● **PROMPT**:
Omit every picture while you reproduce the entries that follow word for word.
:: ENTRIES PROVIDED ::
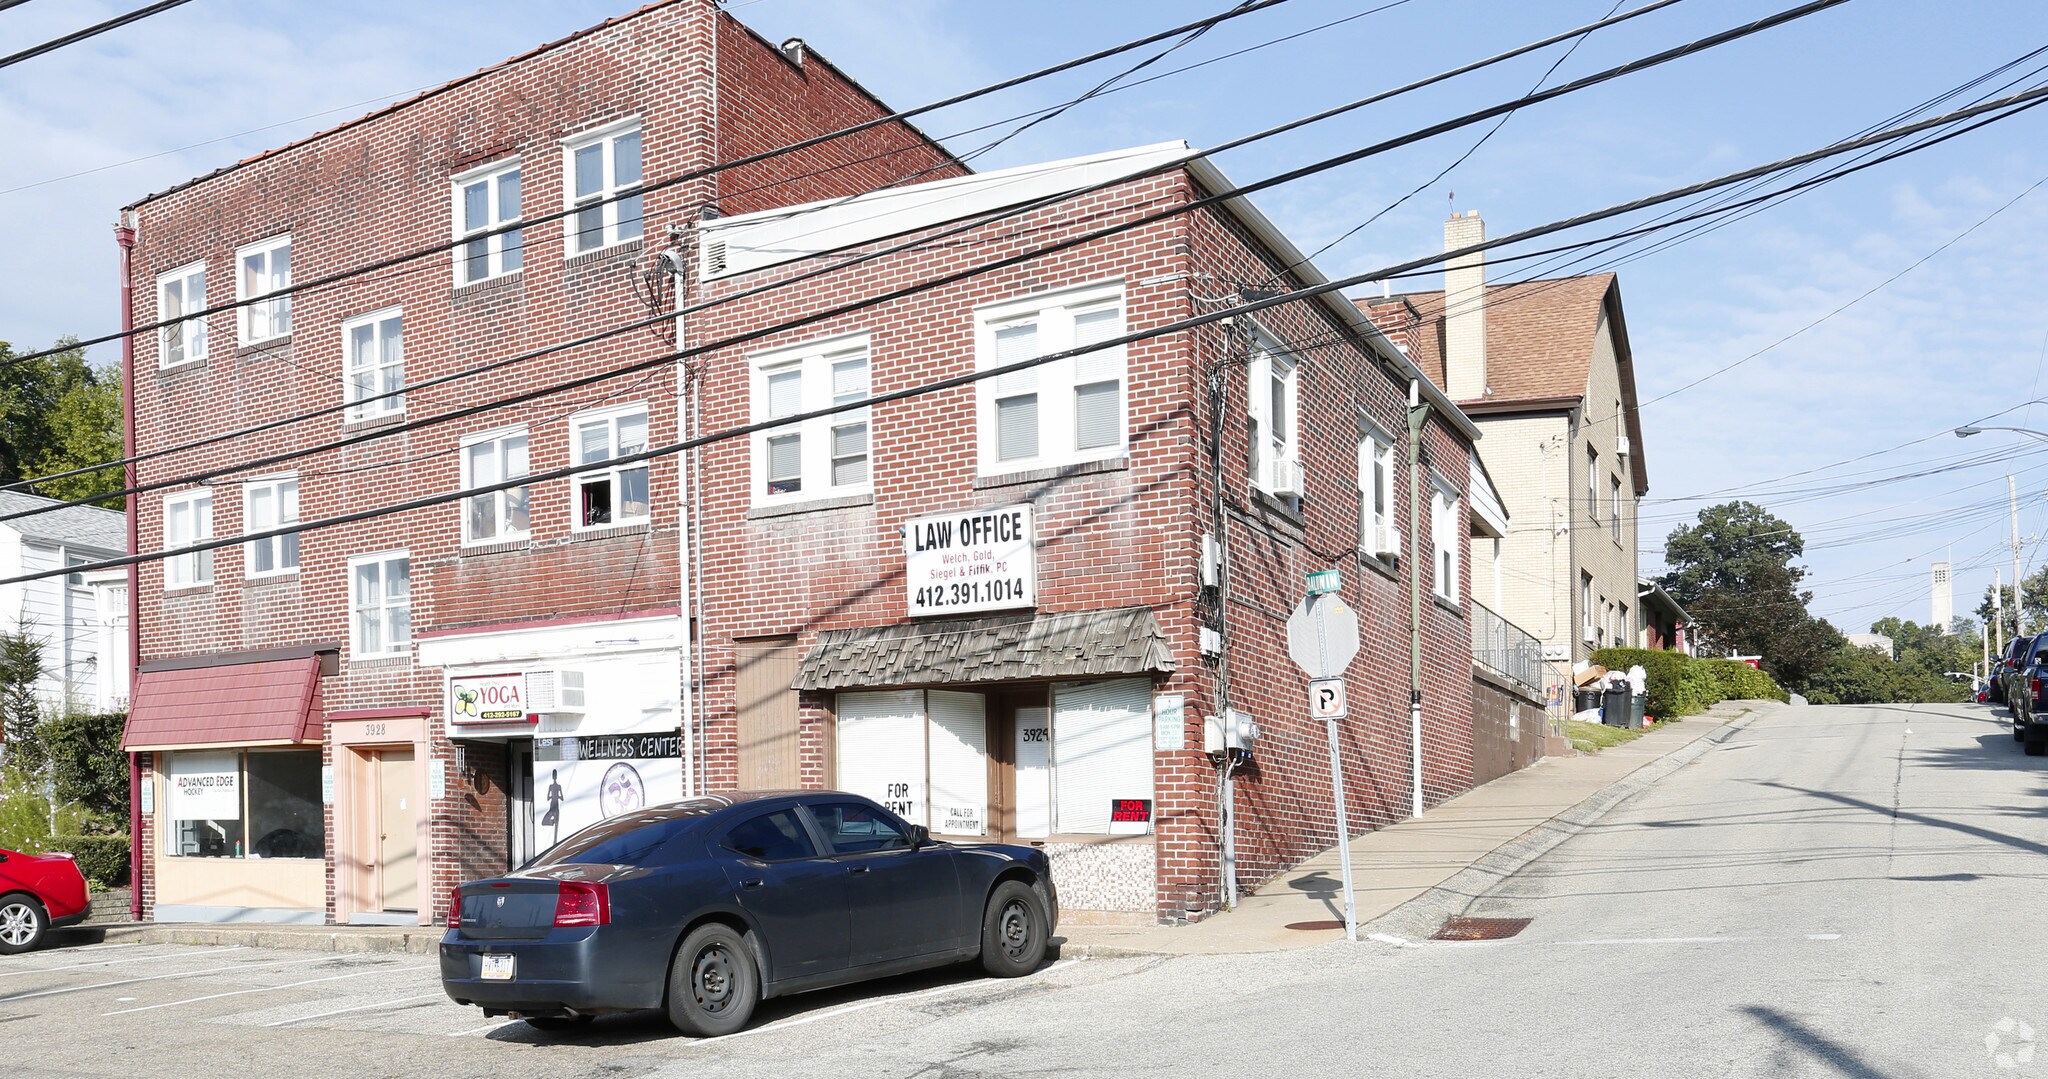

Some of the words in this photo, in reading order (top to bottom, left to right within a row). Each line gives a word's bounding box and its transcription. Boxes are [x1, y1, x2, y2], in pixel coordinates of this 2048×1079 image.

[915, 520, 952, 552] LAW
[959, 512, 1022, 547] OFFICE
[973, 549, 995, 561] Gold,
[930, 567, 956, 581] Siegel
[959, 566, 966, 577] &
[996, 561, 1008, 573] PC
[916, 577, 1023, 608] 412.391.1014
[480, 685, 520, 705] YOGA
[1161, 708, 1178, 716] HOUR
[365, 723, 385, 736] 3928
[578, 738, 635, 758] WELLNESS
[178, 777, 214, 787] ADVANCED
[216, 776, 233, 786] EDGE
[184, 788, 203, 796] HOCKEY
[887, 783, 909, 798] FOR
[1120, 800, 1143, 811] FOR
[950, 807, 962, 817] CALL
[963, 808, 973, 818] FOR
[1113, 811, 1149, 822] RENT
[944, 819, 979, 830] APPOINTMENT
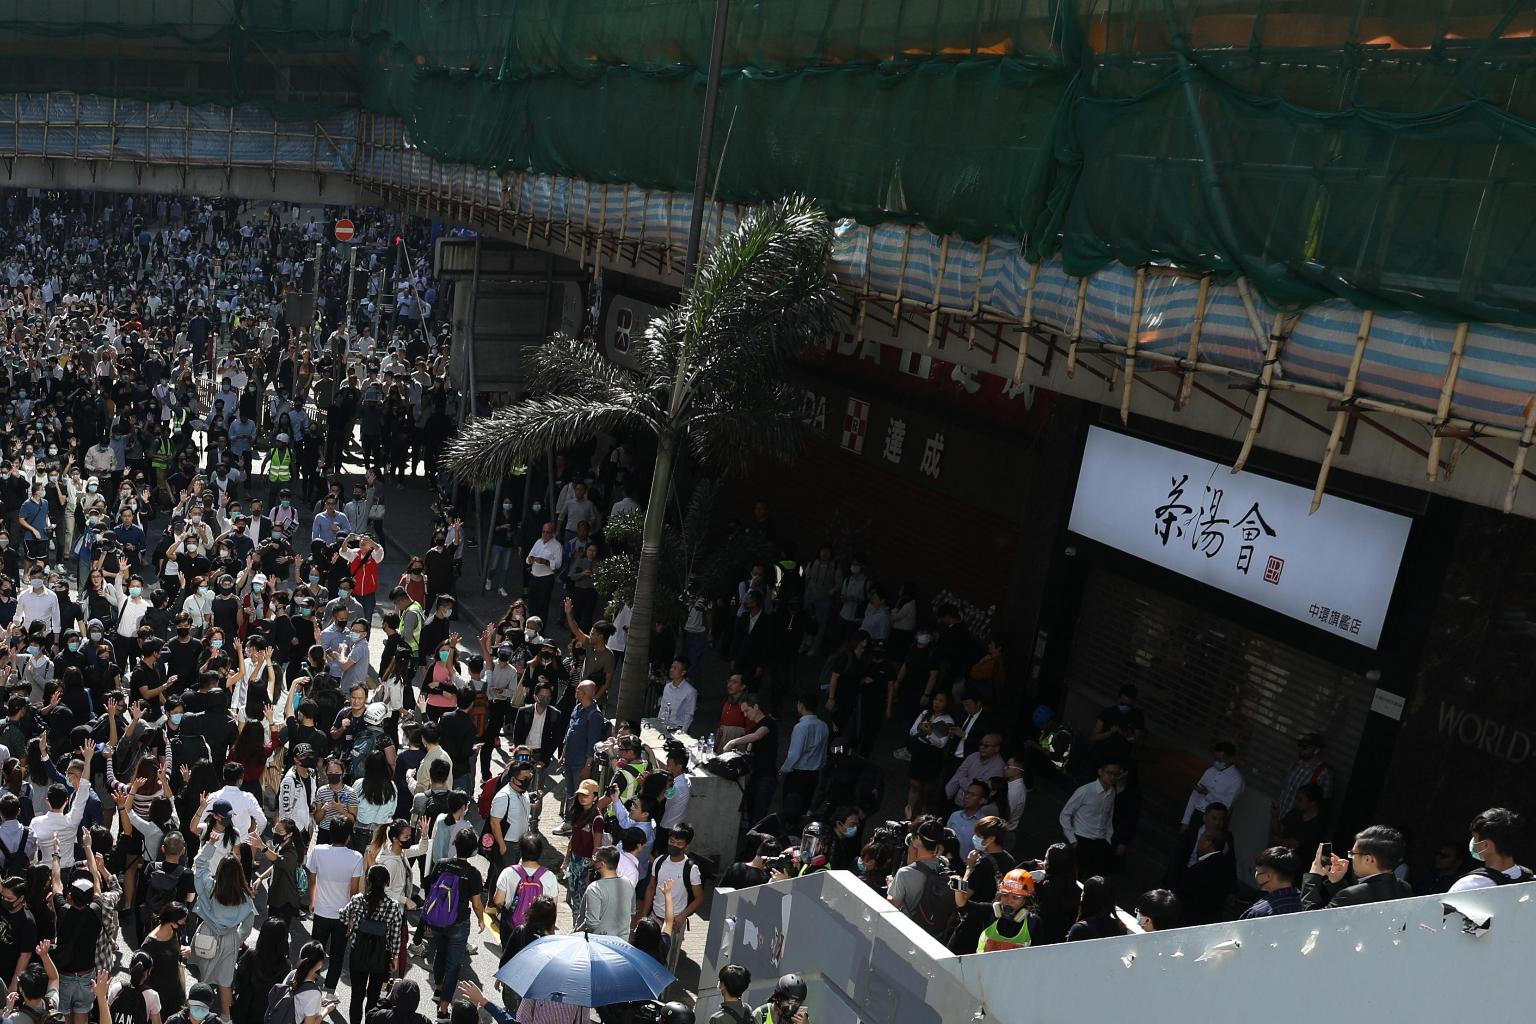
:::
● **YOUR SOLUTION**:
Some of the words in this photo, in reading order (top to bottom, left to right within a row). Each line gives a word's bounding box and its transcription. Boxes are [x1, y1, x2, y2], in pixel coordinates of this 2048×1079 image.

[915, 520, 952, 552] LAW
[959, 512, 1022, 547] OFFICE
[973, 549, 995, 561] Gold,
[930, 567, 956, 581] Siegel
[959, 566, 966, 577] &
[996, 561, 1008, 573] PC
[916, 577, 1023, 608] 412.391.1014
[480, 685, 520, 705] YOGA
[1161, 708, 1178, 716] HOUR
[365, 723, 385, 736] 3928
[578, 738, 635, 758] WELLNESS
[178, 777, 214, 787] ADVANCED
[216, 776, 233, 786] EDGE
[184, 788, 203, 796] HOCKEY
[887, 783, 909, 798] FOR
[1120, 800, 1143, 811] FOR
[950, 807, 962, 817] CALL
[963, 808, 973, 818] FOR
[1113, 811, 1149, 822] RENT
[944, 819, 979, 830] APPOINTMENT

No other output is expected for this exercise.